The VLC’s most recent partner is Alves, who the organization awarded its biennial Prize for Art and Politics during a ceremony that capped off a two-day international conference at The New School in November. Centered on Alves’ project, Seeds of Change, and the practices of the Prize finalists, the conference assembled artists, cultural leaders, scholars, curators, and policy-makers who explored the field of art and social justice. Previous prize recipients include designer Theaster Gates (2012–14), and the anonymous Syrian film collective Abounaddara (2014-2016).
Prior to the prize ceremony, Mary Watson, Dean of the Schools of Public Engagement, captured the sentiments of The New School community as she praised the VLC and its work.
“The Vera List Center passionately believes in the power of education and art in advancing the lives of ordinary people,” she said. “The New School is proud to be the home of VLC. The academic and cultural fabric is greatly enriched by it.”
The VLC demonstrates that belief, in part, through its work with Alves.
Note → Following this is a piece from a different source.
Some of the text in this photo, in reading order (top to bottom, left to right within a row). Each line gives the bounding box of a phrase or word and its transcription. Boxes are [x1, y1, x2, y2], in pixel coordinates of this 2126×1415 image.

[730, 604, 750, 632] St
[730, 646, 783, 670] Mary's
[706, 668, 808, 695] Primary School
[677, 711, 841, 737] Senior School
The project saw participation from New School students and staff members, who propagated the plants in their dorms and offices over the summer, and local communities from Pioneer Works, The High Line, and Weeksville Heritage Center, who are growing their own ballast gardens. Everyone involved in the project came away from it with a greater appreciation for non-native plants, as well as a deeper understanding of “the long-buried colonial histories” they represent, as New York Times reporter Annie Correal put it in her recent story about the project.
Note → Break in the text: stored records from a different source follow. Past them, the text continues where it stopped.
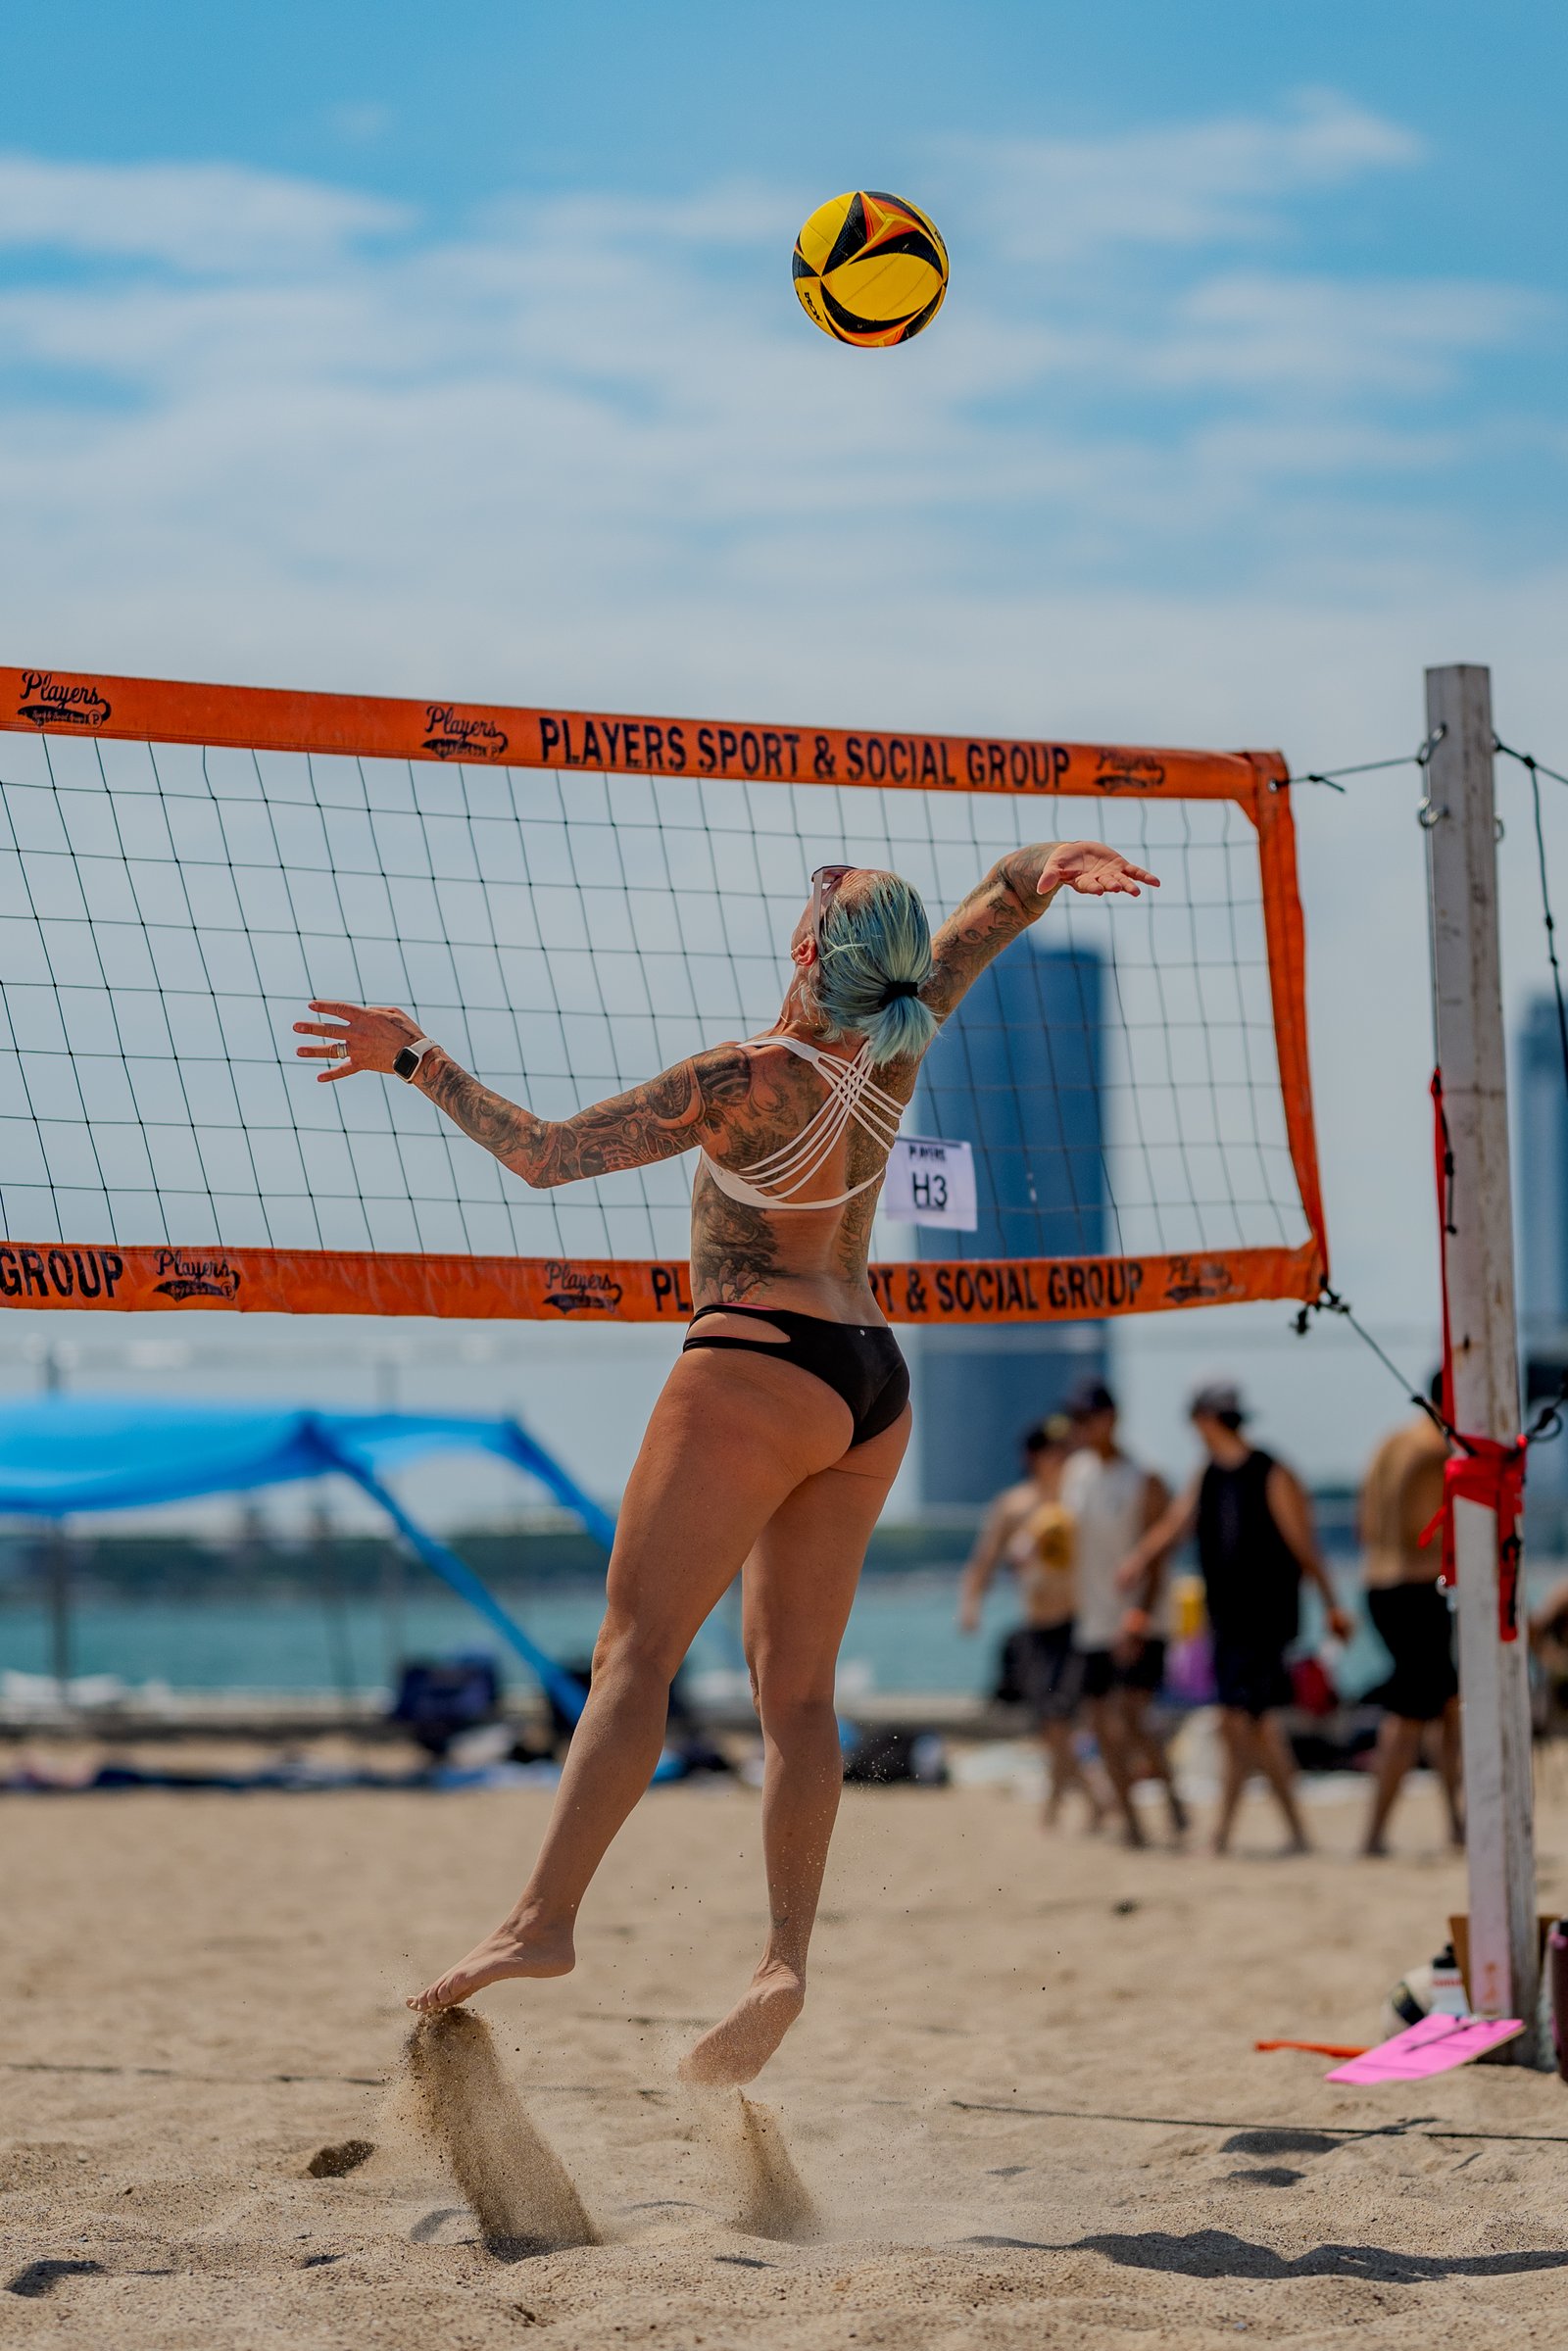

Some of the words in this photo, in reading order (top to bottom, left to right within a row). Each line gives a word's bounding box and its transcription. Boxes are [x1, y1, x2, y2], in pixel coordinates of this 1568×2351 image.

[20, 669, 102, 710] Players
[424, 706, 499, 744] Players
[539, 717, 687, 771] PLAYERS
[698, 727, 801, 777] SPORT
[813, 735, 836, 779] &
[846, 737, 956, 785] SOCIAL
[966, 743, 1070, 788] GROUP
[912, 1171, 948, 1208] H3
[0, 1248, 123, 1298] GROUP
[154, 1248, 230, 1282] Players
[545, 1260, 612, 1295] Players
[906, 1267, 928, 1312] &
[936, 1267, 1040, 1312] SOCIAL
[1048, 1262, 1144, 1310] GROUP
Maria Thereza Alves, Seeds of Change: New York — A Botany of Colonization, on view at the Sheila C. Johnson Design Center through Nov. 27, is open to all New Yorkers to see.
“Maria Thereza’s extraordinary work incites conversation around many pressing current issues such as involuntary migration or indigeneity and belonging,” says Kuoni, who, along with VLC curator Amanda Parmer, curated the exhibition, conference, and a series of “Weed Walks.” “The exquisite beauty of her project — the delicate drawings, prints and maps as well as the actual budding flowers — provides an easy entry to very challenging questions on the values that get associated with certain moving bodies, both historically and in our current time, and how ‘alien’ is never an intrinsic quality but one bestowed by context.”
In the spring, the VLC plans to celebrate its achievements over the last 25 years. Looking to the future, the organization will continue to play a vital role in uplifting art as a means of reflecting, responding to, and shaping political moments.